In our March 2008 report, we also discussed how compliance with 
hospital standards is assessed. CMS, the Joint Commission, and AOA 
assessed compliance with their infection control standards during on- 
site surveys through direct observation of hospital activities and 
review of hospital policy documents. Among the surveys conducted in the 
first quarter of 2007, 12.6 percent of CMS-surveyed hospitals, 17.6 
percent of Joint Commission-surveyed hospitals, and 22.2 percent of AOA-
surveyed hospitals were cited as noncompliant with one of the 
respective organizations' standards on infection control. 

Multiple HHS Programs Collected Data on HAIs, but Lack of Integration 
of Available Data and Other Problems Limited Utility of the Data: 

In March 2008, we reported that multiple HHS programs collected data on 
HAIs but that limitations in the scope of information they collected 
and the lack of integration across the databases maintained by these 
separate programs constrained the utility of the data. Three agencies 
within HHS--CDC, CMS, and AHRQ--collect HAI-related data for a variety 
of purposes in databases maintained by four separate programs: CDC's 
National Healthcare Safety Network (NHSN) program, CMS's Medicare 
Patient Safety Monitoring System (MPSMS), CMS's Annual Payment Update 
(APU) program, and AHRQ's Healthcare Cost and Utilization Project 
(HCUP). (See table 2.) We found that the most detailed source of 
information on HAIs in HHS was the NHSN database. It began as a 
voluntary program in the 1970s to assist hospitals that wanted to 
monitor their HAI rates. CDC has drawn on these data to publicly report 
aggregate trends in selected HAIs, and we found that it was working 
with a number of states that were implementing mandatory programs for 
hospitals to submit HAI-related data through NHSN. We reported that the 
MPSMS database provided CMS with information on national trends in the 
incidence of selected adverse events among hospitalized Medicare 
beneficiaries, including a number of different types of HAIs. These 
data were collected from medical records selected for annual random 
samples of approximately 25,000 Medicare inpatients. We also reported 
that the APU program implemented a financial incentive for hospitals to 
submit to CMS data that were used to calculate hospital performance on 
measures of quality of care. The program received quality-related data 
quarterly for a range of medical conditions, including data on three 
surgical infection prevention measures. We noted that CMS reported the 
results of its analyses of these data on its Hospital Compare Web site. 
Finally, we reported that AHRQ sponsored the development of the HCUP 
databases to create a national information resource of patient-level 
health care data. Two of the 20 Patient Safety Indicators that AHRQ 
derived from these data were related to HAIs, one involving infections 
caused by intravenous lines and catheters, and the other postoperative 
sepsis. 

Table 2: Selected Characteristics of HHS Databases That Contain HAI- 
Related Information, 2008: 

Responsible agency and database: CDC's National Healthcare Safety 
Network (NHSN); 
HAI-related data collected: Infection types; 
* central-line-associated BSI; 
* catheter-associated UTI; 
* VAP; 
* postprocedure pneumonia; 
* SSI; 
* MDRO[A]; 
* other[B]; 
Population for which data are collected: Most hospitals report on 
patients in selected critical care units and those undergoing selected 
procedures such as coronary bypass surgery and colon surgery. 
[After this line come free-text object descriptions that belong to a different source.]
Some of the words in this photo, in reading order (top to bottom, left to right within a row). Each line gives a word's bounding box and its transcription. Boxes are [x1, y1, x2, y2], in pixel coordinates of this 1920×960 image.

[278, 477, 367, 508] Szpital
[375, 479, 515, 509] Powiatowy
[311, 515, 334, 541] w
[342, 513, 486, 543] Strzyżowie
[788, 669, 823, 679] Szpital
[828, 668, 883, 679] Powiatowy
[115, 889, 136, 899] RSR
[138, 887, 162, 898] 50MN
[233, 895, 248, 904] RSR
Responsible agency and database: CMS's Medicare Patient Safety 
Monitoring System (MPSMS); 
HAI-related data collected: Infection types[C]; 
* central-line-associated BSI; 
* catheter-associated UTI; 
* postoperative pneumonia; 
* antibiotic-associated C. difficile; 
* MRSA; 
* VRE; 
Population for which data are collected: National sample of 
hospitalized Medicare patients. 

Responsible agency and database: CMS's Annual Payment Update (APU) 
database; 
HAI-related data collected: Practices to prevent or reduce SSIs; 
* providing antibiotics within 1 hour of surgery; 
* selecting appropriate antibiotics to prevent surgical infections; 
* stopping the administration of the antibiotics within 24 hours of end 
of surgery; 
Population for which data are collected: National inpatient population 
for selected surgical procedures.[D] 

Responsible agency and database: AHRQ's Healthcare Cost and Utilization 
Project (HCUP) database, Nationwide Inpatient Sample; 
HAI-related data collected: Infection types; 
* postoperative sepsis[E]; 
* "infection due to medical care" (focused on intravenous and catheter 
infections); 
Population for which data are collected: A sample of inpatients in 
hospitals in 37 states. 

Source: [hyperlink, http://www.gao.gov/products/GAO-08-283]. 
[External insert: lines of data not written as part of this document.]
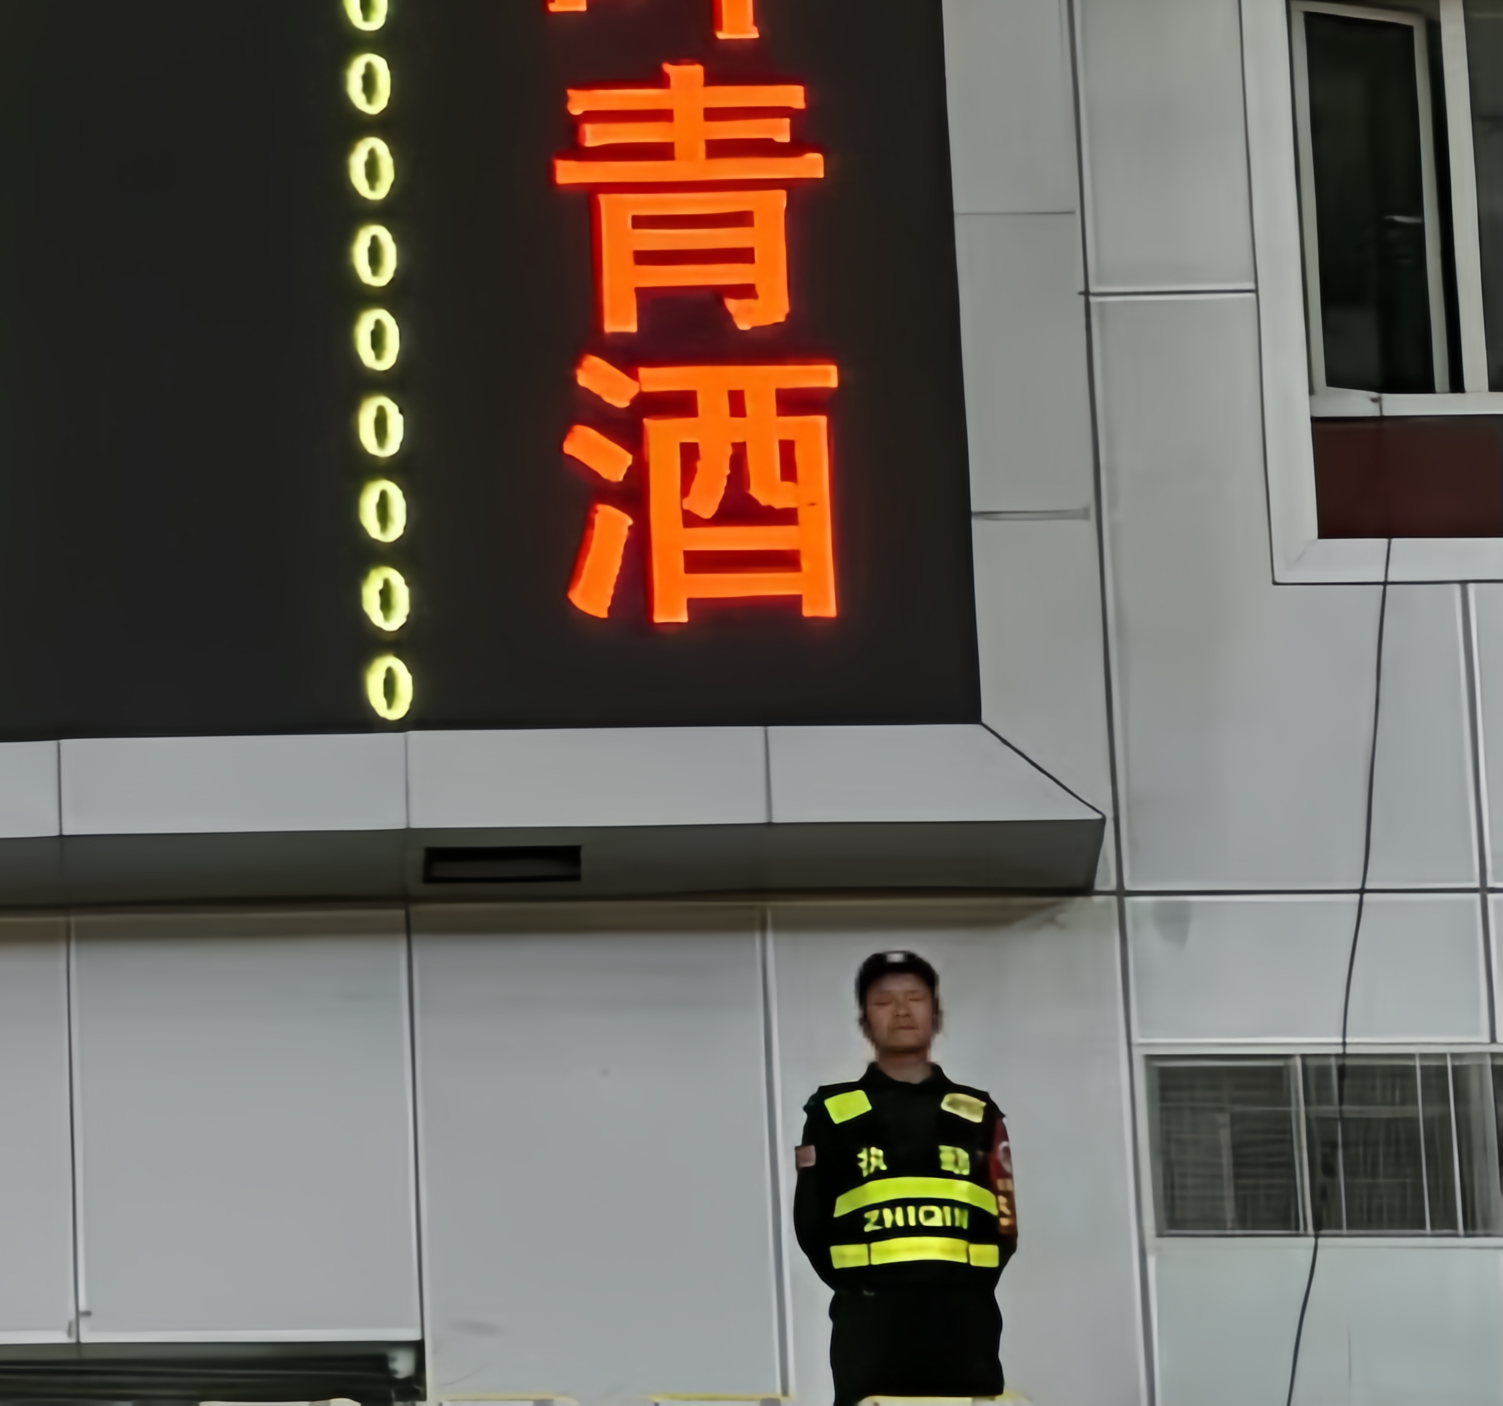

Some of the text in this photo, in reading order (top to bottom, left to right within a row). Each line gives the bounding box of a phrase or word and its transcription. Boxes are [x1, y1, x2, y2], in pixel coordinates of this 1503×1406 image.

[346, 53, 391, 115] 0
[349, 137, 394, 200] 0
[352, 225, 397, 287] 0
[354, 308, 400, 371] 0
[358, 395, 404, 458] 0
[359, 479, 406, 542] 0
[362, 566, 410, 631] 0
[366, 655, 413, 720] 0
Notes: BSI is bloodstream infection; C. difficile is Clostridium 
difficile; MDRO is multidrug-resistant organism; MRSA is methicillin- 
resistant Staphylococcus aureus; SSI is surgical site infection; UTI is 
urinary tract infection; VAP is ventilator-associated pneumonia; and 
VRE is vancomycin-resistant enterococci. 

[A] For patients whose infections are laboratory-confirmed, NHSN 
collects data on the pathogens identified, and for specified pathogens 
(including those responsible for MRSA and VRE), the result of any 
testing of their resistance to specific antibiotics. Participating 
hospitals have the option to report separately the number of times in a 
given month that they tested specimens of any of eight specified 
organisms for resistance to selected antibiotics, as well as the 
results of those tests. From these data, NHSN produces rates of 
antimicrobial resistance relative to the number of nonduplicative 
specimens tested (i.e., excluding multiple tests for the same organism 
in the same patient). This part of NHSN does not distinguish between 
MDRO infections acquired in the hospital and community-acquired 
infections present at admission. 

[B] Hospitals can choose to submit to NHSN data on other types of HAIs, 
such as skin and soft tissue infections, cardiovascular system 
infections, and gastrointestinal system infections. CDC does not 
provide data collection protocols for these types of infections, but 
they can be entered into NHSN as "custom events" using definitions 
provided separately by CDC. 

[C] In 2007, CMS added catheter-associated UTIs, VAP, MRSA, and VRE to 
MPSMS and dropped insertion-site infections associated with central 
vascular catheters, BSIs, and postoperative-associated UTIs. 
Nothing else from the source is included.